Transcriptional regulation of important virulence genes in Listeria monocytogenes by permease ⅡA of Listeria pathogenicity Island 4

为探究单核细胞增生性李斯特菌(LM)毒力岛4(LIPI-4)的膜透性酶ⅡA(EⅡA)基因在LM中的毒力作用,本研究利用同源重组技术构建了具有遗传稳定性的LM928菌株EⅡA基因缺失株(LM928ΔEⅡA)和回补株(CLM928ΔEⅡA),通过对缺失株、回补株和亲本株生长特性测定分析EⅡA基因对LM体外生长能力的影响。提取各菌株RNA,反转录为c DNA后通过real-time PCR检测各菌株在体外培养条件下LM重要毒力基因的转录水平,分析EⅡA基因缺失对LM毒力基因转录水平的影响。结果显示,缺失EⅡA基因后不影响细菌在体外的生长能力,但细菌plcB和inlA基因的转录水平显著下调(P<0.05),hly、prfA、plcB、inlA、inlB、inlC和mpl基因的转录水平极显著下调(P<0.01),plcA基因的转录水平极显著上调(P<0.01),而actA基因的转录水平无明显变化(P>0.05)。将LM928、LM928ΔEⅡA和CLM928ΔEⅡA菌株分别感染人脑微血管内皮细胞(HCMEC/D3)后,采用CCK8法检测EⅡA基因对HCMEC/D3活性的影响,同时通过胞内增殖试验检测EⅡA基因对LM胞内增殖的影响,进一步采用real-time PCR方法检测EⅡA对细胞毒力基因转录水平的影响,结果显示,与LM928组相比,LM928ΔEⅡA组HCMEC/D3细胞活性无明显改变;LM928ΔEⅡA感染HCMEC/D3后6 h~12 h,胞内LM928ΔEⅡA载菌量极显著高于胞内LM928载菌量(P<0.01),在感染HCMEC/D3后2 h~12 h,胞内LM928ΔEⅡA载菌量也极显著高于胞内CLM928ΔEⅡA的载菌量(P<0.01)。
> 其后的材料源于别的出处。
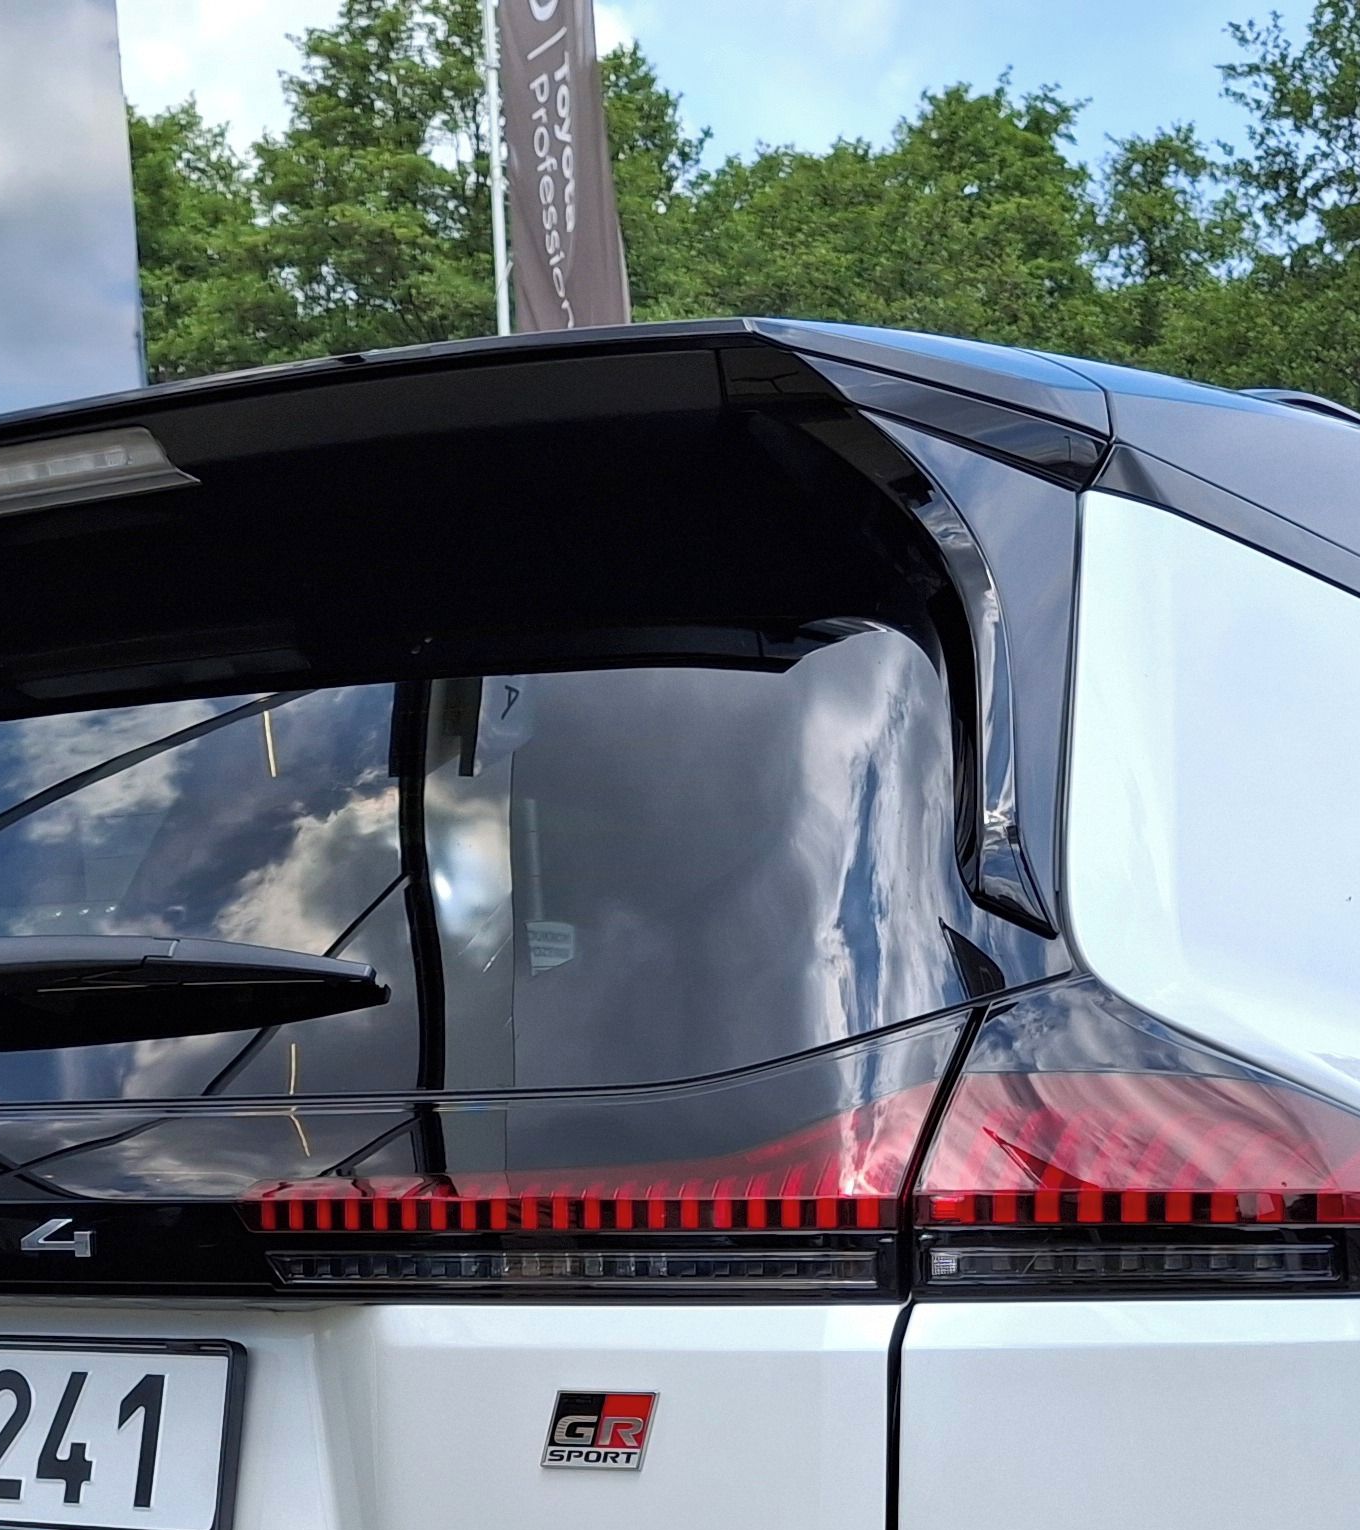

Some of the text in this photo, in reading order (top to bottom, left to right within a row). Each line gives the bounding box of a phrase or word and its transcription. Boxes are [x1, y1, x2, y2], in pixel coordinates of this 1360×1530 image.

[554, 50, 576, 233] Toyota
[553, 1414, 644, 1447] GR
[547, 1449, 638, 1465] SPORT
相对于亲本株,LM928ΔEⅡA感染的细胞中毒力基因prf A、plc A、plc B、inl A、inl B、inl C和mpl转录水平均极显著上调(P<0.01),actA基因的转录水平显著上调(P<0.05),hly基因的转录水平极显著下调(P<0.01)。本研究结果首次证实LIPI-4中EⅡA基因对LM体外生长无影响,但其对体内、外LM毒力因子的转录均具有显著的调控作用,提示LM LIPI-4可能通过EⅡA参与调控细菌毒力,该结果为进一步研究LIPI-4在LM致病中的作用奠定了基础。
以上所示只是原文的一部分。